I'm pretty libertarian, but for things like standards and formats, I really think the government should be stepping in and taking control. Standards, formats, and basic internet access are the new "roads" of the modern world. Commerce can flourish when we aren't fighting over them.
Even for something R&D heavy like video codecs. How much money are we dumping into the NSA right now? Use some of that.
There doesn't need to be control taken; instead, the government could just buy the patents to the best codecs and open them up. Software infrastructure, if you will.
It's sad and ironic that Google is doing this more effectively than We The People, it least in cases where their interests are aligned with the commons.
Which government institution should decide on the video codec for everyone to use? How would they know when it's time to switch? I cannot see that working any better than MPEG and MPEG-LA.
That institution probably does not exist. The Federal and State governments are still trying to figure out what an Internet is. This isn't even on their radar.
For codecs, the government would not even need to regulate. As long as the offerings are good, the industry would be compelled to adopt them because of the lack of licensing costs and for the long term stability. Continuous R&D would still be necessary.
Well, for cryptographic hashes the relevant institution in the US is NIST and they switch at a point when there start to be worries about the previous hash being subject to successful attacks sometime in the future.
There's no reason in principle that the same approach, again with NIST as the relevant institurion, could not be used for video codecs.

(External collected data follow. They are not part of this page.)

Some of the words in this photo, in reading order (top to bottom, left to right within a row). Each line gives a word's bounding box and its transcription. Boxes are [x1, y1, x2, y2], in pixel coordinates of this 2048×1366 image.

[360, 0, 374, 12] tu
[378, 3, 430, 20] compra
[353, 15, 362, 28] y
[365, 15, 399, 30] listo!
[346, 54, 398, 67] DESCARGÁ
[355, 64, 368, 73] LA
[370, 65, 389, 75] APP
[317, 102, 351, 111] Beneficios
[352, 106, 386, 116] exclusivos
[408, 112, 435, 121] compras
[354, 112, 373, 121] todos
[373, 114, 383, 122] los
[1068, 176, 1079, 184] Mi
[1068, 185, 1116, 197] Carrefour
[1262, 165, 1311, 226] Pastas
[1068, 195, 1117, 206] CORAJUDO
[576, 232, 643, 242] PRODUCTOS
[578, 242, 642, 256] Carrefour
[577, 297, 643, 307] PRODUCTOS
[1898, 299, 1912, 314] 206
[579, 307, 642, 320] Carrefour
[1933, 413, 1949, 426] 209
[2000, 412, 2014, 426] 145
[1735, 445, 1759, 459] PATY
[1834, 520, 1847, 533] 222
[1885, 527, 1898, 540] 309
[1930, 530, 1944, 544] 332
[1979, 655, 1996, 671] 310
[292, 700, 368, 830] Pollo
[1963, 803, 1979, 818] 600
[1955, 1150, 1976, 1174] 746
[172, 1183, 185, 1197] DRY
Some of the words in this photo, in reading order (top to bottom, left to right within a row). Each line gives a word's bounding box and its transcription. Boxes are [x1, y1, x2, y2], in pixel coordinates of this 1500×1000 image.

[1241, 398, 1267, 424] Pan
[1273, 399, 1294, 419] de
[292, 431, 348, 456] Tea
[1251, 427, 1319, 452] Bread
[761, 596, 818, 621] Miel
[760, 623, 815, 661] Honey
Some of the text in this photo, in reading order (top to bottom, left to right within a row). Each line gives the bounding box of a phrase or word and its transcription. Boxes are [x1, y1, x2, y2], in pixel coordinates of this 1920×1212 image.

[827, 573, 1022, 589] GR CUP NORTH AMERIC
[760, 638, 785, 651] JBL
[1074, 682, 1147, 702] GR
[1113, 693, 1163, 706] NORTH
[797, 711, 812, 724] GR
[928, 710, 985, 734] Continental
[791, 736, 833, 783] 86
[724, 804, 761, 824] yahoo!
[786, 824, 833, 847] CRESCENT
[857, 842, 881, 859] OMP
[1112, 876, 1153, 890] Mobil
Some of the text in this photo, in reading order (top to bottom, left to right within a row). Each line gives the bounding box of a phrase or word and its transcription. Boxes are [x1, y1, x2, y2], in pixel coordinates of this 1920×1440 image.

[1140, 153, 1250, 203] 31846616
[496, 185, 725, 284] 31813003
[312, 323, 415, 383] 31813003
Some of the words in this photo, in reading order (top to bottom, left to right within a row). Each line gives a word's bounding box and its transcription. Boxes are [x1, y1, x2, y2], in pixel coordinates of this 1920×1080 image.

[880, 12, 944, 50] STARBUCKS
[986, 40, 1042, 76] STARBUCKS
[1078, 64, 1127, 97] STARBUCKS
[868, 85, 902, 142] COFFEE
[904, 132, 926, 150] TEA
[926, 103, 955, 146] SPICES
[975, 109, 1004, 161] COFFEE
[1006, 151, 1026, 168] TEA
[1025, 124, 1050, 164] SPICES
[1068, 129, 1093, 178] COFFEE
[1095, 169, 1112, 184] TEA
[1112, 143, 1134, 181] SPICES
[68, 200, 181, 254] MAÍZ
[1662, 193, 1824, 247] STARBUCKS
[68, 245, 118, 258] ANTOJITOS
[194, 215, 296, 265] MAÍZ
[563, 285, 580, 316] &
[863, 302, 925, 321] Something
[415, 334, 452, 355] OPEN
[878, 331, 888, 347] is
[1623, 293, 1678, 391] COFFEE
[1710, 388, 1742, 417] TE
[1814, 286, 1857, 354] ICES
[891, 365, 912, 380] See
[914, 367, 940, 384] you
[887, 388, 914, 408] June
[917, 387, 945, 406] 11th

It would be better than the MPEG-LA because the patent situation could be made much simpler (e.g. automatic patent licenses would be granted to all implementors of the standard).
Do you want Web "standards and formats" to last as long as NTSC did? Imagine using IE6 for the next 50 years. That's what government involvement will get us.
Which is why the US and EU governments are fighting against Google, Samsung and HTC who are abusing FRAND obligations and undermining the concept of standards.
Even for something R&D heavy like video codecs. How much money are we dumping into the NSA right now? Use some of that.